Increase of CD4+ CD25+ regulatory T cells in the peripheral blood of patients with metastatic carcinoma: a Phase I clinical trial using cyclophosphamide and immunotherapy to eliminate CD4+ CD25+ T lymphocytes.

Fiche publication


Date publication

décembre 2007

Auteurs

Membres identifiés du Cancéropôle Est :
Dr ARNOULD Laurent, Pr BONNOTTE Bernard, Dr FERRAND Christophe, Dr FOUCHER Pascal, Pr MAYNADIE Marc


Tous les auteurs :
Audia S, Nicolas A, Cathelin D, Larmonier N, Ferrand C, Foucher P, Fanton A, Bergoin E, Maynadie M, Arnould L, Bateman A, Lorcerie B, Solary E, Chauffert B, Bonnotte B

Résumé

We determined the number and functional status of CD4+ CD25(high) regulatory T cells (Treg) in blood samples from patients with metastatic carcinoma, and evaluated their sensitivity to a single intravenous infusion of cyclophosphamide.
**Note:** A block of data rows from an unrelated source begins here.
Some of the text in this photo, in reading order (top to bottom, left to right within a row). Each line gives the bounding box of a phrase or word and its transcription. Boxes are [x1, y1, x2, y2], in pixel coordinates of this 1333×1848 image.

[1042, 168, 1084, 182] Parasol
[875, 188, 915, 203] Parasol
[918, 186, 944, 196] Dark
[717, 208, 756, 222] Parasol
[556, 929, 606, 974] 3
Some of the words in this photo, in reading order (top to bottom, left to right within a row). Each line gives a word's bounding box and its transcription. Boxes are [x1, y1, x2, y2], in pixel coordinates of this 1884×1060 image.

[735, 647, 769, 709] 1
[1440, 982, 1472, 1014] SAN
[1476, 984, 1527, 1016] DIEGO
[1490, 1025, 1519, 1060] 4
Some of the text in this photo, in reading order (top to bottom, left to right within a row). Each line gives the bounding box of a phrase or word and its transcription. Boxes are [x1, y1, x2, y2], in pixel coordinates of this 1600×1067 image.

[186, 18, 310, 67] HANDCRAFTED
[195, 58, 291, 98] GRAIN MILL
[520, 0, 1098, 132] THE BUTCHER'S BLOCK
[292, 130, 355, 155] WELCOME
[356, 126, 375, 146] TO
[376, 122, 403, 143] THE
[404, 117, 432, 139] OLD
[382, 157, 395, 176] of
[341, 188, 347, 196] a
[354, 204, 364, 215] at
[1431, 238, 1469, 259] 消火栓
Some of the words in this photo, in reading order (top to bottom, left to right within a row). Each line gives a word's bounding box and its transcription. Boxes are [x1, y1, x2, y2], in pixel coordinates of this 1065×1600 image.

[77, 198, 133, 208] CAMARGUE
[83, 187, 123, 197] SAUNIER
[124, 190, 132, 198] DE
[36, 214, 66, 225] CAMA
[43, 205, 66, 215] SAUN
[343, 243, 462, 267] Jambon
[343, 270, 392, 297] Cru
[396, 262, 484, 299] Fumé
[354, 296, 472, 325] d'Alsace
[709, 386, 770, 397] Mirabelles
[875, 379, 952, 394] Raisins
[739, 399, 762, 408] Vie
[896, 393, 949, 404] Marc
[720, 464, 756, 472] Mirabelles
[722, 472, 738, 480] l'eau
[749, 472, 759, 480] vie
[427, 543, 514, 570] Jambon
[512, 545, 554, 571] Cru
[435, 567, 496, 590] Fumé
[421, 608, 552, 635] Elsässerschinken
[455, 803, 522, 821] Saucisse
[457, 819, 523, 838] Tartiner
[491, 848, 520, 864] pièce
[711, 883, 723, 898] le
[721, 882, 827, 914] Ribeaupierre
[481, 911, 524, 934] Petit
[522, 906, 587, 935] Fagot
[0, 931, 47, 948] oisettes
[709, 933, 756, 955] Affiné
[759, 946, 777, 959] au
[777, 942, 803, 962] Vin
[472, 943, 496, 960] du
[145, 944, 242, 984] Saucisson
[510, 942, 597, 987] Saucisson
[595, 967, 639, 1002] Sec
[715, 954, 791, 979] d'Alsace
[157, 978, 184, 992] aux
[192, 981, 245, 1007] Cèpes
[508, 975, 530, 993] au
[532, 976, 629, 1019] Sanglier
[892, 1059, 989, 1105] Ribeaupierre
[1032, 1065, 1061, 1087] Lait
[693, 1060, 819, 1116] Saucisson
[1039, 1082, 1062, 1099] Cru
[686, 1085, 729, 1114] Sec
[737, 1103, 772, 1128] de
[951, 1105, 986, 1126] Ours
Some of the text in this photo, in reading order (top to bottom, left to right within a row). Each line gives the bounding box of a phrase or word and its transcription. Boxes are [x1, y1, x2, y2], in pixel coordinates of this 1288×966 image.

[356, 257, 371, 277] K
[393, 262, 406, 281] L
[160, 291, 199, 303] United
Treg numbers were significantly higher in 49 patients with metastatic cancer (9.2% of CD4+ T cells) compared to 24 healthy donors (7.1%). These cells expressed the transcription factor forkhead box P3 (FoxP3), glucocorticoid-induced tumour necrosis factor receptor family-related protein (GITR) and intracellular CD152, and demonstrated a suppressive activity in vitro against CD4+ CD25- autologous proliferation. At a single intravenous infusion, cyclophosphamide failed, in association with a non-specific immunotherapy by intratumoral bacille Calmette-Guerin (BCG), to modulate significantly Treg numbers or function. Metastatic cancer is associated with an expansion of peripheral blood CD4+ CD25(high) FoxP3+ GITR+ CD152+ Treg cells whose immunosuppressive properties do not differ from those of healthy subjects. Moreover, cyclophosphamide administration may not represent an optimal therapy to eliminate Treg, which further underlines the need to identify specific agents that would selectively deplete these cells.